*** Opening RECORD SET ***

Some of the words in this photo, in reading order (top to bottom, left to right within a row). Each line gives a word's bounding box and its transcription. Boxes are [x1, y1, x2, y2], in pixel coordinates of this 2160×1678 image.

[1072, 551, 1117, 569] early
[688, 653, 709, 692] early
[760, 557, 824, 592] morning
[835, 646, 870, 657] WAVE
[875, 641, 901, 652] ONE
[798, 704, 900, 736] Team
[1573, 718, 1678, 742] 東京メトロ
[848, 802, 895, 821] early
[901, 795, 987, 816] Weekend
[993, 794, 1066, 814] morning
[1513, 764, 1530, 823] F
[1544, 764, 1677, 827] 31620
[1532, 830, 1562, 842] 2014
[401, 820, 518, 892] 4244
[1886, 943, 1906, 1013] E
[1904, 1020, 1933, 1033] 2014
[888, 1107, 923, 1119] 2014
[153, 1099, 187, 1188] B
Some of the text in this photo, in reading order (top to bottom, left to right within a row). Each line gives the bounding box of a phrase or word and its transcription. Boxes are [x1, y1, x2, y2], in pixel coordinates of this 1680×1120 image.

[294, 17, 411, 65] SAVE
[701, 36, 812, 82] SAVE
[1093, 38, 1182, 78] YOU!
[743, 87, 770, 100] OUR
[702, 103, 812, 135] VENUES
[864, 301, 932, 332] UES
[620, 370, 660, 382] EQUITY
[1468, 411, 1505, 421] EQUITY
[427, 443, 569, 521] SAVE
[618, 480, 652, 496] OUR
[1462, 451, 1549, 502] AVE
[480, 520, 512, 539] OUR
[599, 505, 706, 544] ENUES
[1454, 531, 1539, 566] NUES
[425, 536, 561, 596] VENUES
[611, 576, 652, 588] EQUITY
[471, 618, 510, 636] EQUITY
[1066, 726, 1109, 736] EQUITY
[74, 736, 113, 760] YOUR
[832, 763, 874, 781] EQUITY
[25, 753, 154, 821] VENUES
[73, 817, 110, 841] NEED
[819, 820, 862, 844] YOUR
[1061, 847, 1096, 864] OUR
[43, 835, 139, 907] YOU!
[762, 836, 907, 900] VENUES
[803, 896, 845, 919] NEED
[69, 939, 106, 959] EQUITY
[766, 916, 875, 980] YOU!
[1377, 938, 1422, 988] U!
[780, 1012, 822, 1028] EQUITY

*** Closing RECORD SET ***

▶ PROBLEM REQUIREMENTS
Faithfully transcribe the whole of the data.

▶ FINISHED TASK
Some of the words in this photo, in reading order (top to bottom, left to right within a row). Each line gives a word's bounding box and its transcription. Boxes are [x1, y1, x2, y2], in pixel coordinates of this 2160×1678 image.

[1072, 551, 1117, 569] early
[688, 653, 709, 692] early
[760, 557, 824, 592] morning
[835, 646, 870, 657] WAVE
[875, 641, 901, 652] ONE
[798, 704, 900, 736] Team
[1573, 718, 1678, 742] 東京メトロ
[848, 802, 895, 821] early
[901, 795, 987, 816] Weekend
[993, 794, 1066, 814] morning
[1513, 764, 1530, 823] F
[1544, 764, 1677, 827] 31620
[1532, 830, 1562, 842] 2014
[401, 820, 518, 892] 4244
[1886, 943, 1906, 1013] E
[1904, 1020, 1933, 1033] 2014
[888, 1107, 923, 1119] 2014
[153, 1099, 187, 1188] B
Some of the text in this photo, in reading order (top to bottom, left to right within a row). Each line gives the bounding box of a phrase or word and its transcription. Boxes are [x1, y1, x2, y2], in pixel coordinates of this 1680×1120 image.

[294, 17, 411, 65] SAVE
[701, 36, 812, 82] SAVE
[1093, 38, 1182, 78] YOU!
[743, 87, 770, 100] OUR
[702, 103, 812, 135] VENUES
[864, 301, 932, 332] UES
[620, 370, 660, 382] EQUITY
[1468, 411, 1505, 421] EQUITY
[427, 443, 569, 521] SAVE
[618, 480, 652, 496] OUR
[1462, 451, 1549, 502] AVE
[480, 520, 512, 539] OUR
[599, 505, 706, 544] ENUES
[1454, 531, 1539, 566] NUES
[425, 536, 561, 596] VENUES
[611, 576, 652, 588] EQUITY
[471, 618, 510, 636] EQUITY
[1066, 726, 1109, 736] EQUITY
[74, 736, 113, 760] YOUR
[832, 763, 874, 781] EQUITY
[25, 753, 154, 821] VENUES
[73, 817, 110, 841] NEED
[819, 820, 862, 844] YOUR
[1061, 847, 1096, 864] OUR
[43, 835, 139, 907] YOU!
[762, 836, 907, 900] VENUES
[803, 896, 845, 919] NEED
[69, 939, 106, 959] EQUITY
[766, 916, 875, 980] YOU!
[1377, 938, 1422, 988] U!
[780, 1012, 822, 1028] EQUITY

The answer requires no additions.